Plant diseases remain a major concern for global food security as they cause heavy losses in crop every year. Accurately detecting these diseases early isthought to be of crucial help for improving yield in crops. Manual detection approaches as well as CNN based have turned out quite promising, but their long-range relations and overall context lead them to fail when it comes to leaf image representation. To address the problems described above, we propose plant leaf disease detection basedon Vision Transformer model in this paper. In contrast to most models that adopt convolutional neural networks for image feature extraction, our model uses a transformer for vision which has self-attention mechanism and learns global information on features. Therefore, it extracts more informative features.

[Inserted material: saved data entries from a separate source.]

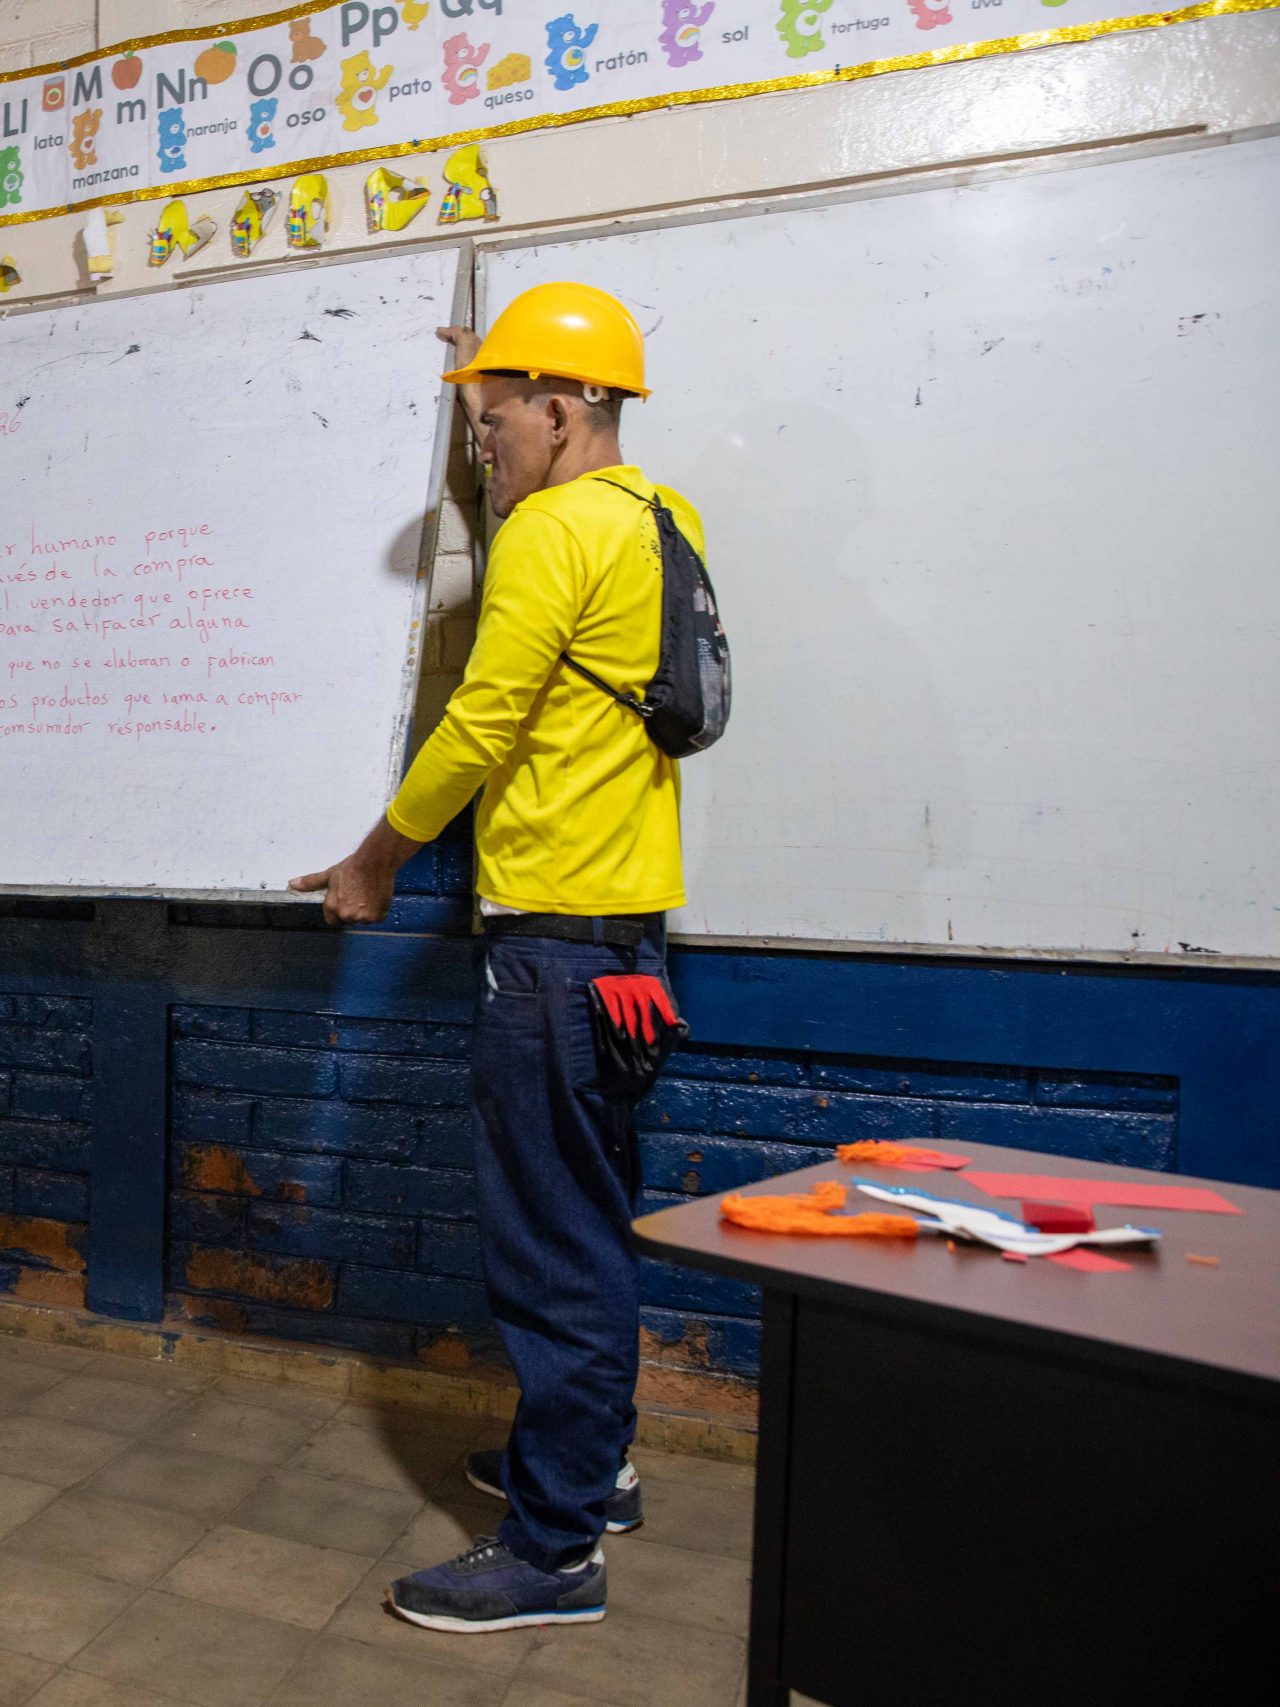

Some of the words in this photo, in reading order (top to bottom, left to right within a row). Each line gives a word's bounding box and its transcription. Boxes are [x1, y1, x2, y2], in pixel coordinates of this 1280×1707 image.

[341, 1, 399, 47] Pp
[722, 25, 749, 45] sol
[830, 13, 890, 37] tortuga
[595, 49, 648, 73] ratón
[72, 65, 103, 106] M
[116, 98, 146, 125] m
[156, 68, 208, 109] Nn
[389, 77, 432, 102] pato
[483, 87, 535, 110] queso
[3, 98, 28, 138] Ll
[186, 117, 238, 138] naranja
[285, 106, 326, 128] oso
[33, 133, 64, 150] lata
[73, 164, 139, 190] manzana
[31, 520, 117, 555] humano
[144, 524, 215, 556] porque
[45, 560, 72, 581] de
[94, 555, 118, 577] la
[133, 554, 215, 582] compra
[31, 588, 124, 609] vendedor
[134, 593, 173, 618] que
[188, 587, 255, 611] ofrece
[169, 606, 249, 643] alguna
[8, 659, 35, 679] que
[42, 658, 62, 670] no
[72, 657, 92, 668] se
[104, 647, 171, 669] elaboran
[180, 657, 191, 667] o
[32, 682, 109, 720] productos
[125, 693, 152, 716] que
[216, 694, 229, 706] a
[239, 691, 303, 715] comprar
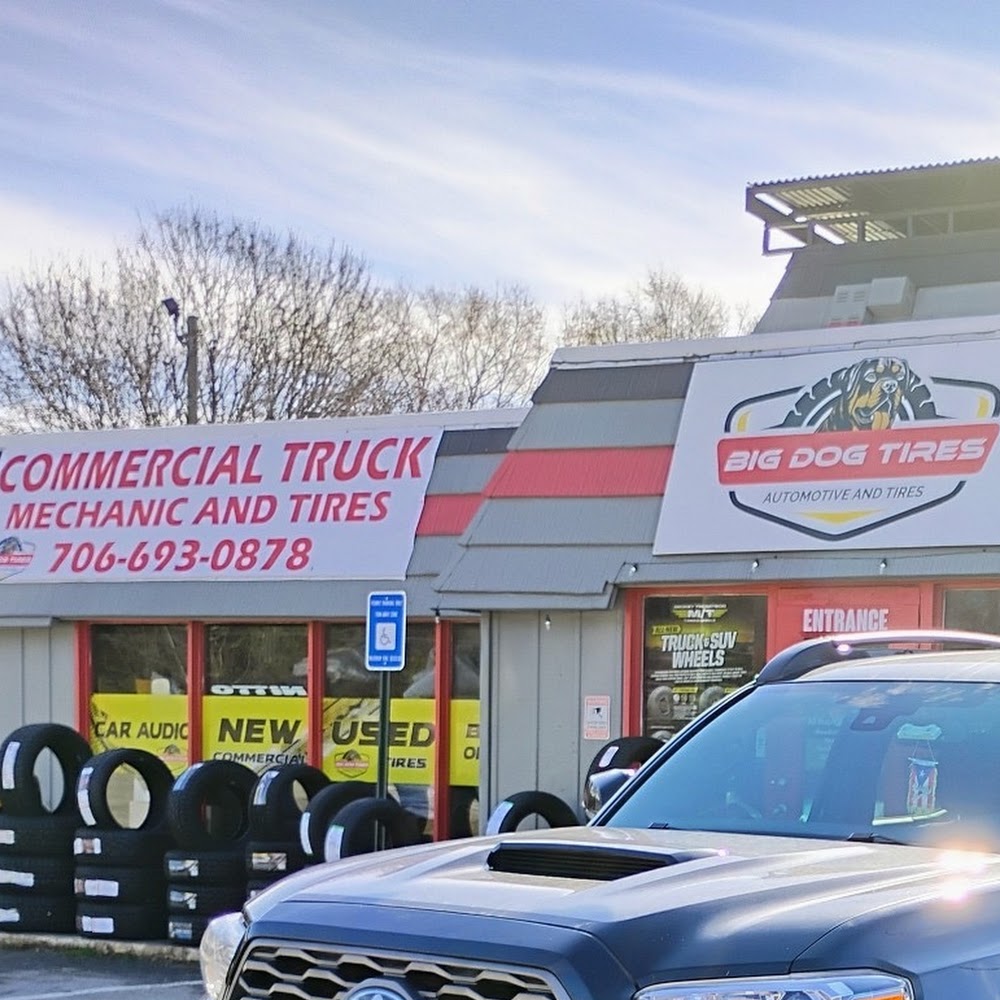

Our model will have several components: Image Preprocessing -> Image Patches -> Feature learning (Transformer Encoder) -> Classification (Fully Connected Layer). Experimental results confirm that the proposed research method reaches an accuracy of 99.8% in classification, which is better than most existing deep learning approaches. In addition, confusion matrix analysis of our model performance suggests a minimal error rate on each kind of disease category.The Transformer-based model holds promise for realistic practical application in precision agriculture. It is capable of automatically detecting plant diseases in real time. The researchers also believe that the promising future of this transformer-based approach could mean a development in low-computing power environments for efficient systems of agriculture image analysis, depending on reproducibility and generalization.
Introduction
The text discusses the growing importance of accurate plant disease detection in ensuring global food security, especially as agricultural productivity faces challenges from population growth, climate change, and declining crop efficiency. Plant diseases are responsible for nearly 40% of annual crop losses worldwide, making early and accurate diagnosis essential for sustainable agriculture. Traditional disease diagnosis methods rely on plant pathology experts, which are time-consuming, labor-intensive, and sometimes inconsistent due to human judgment. These limitations make traditional approaches unsuitable for large-scale farming environments.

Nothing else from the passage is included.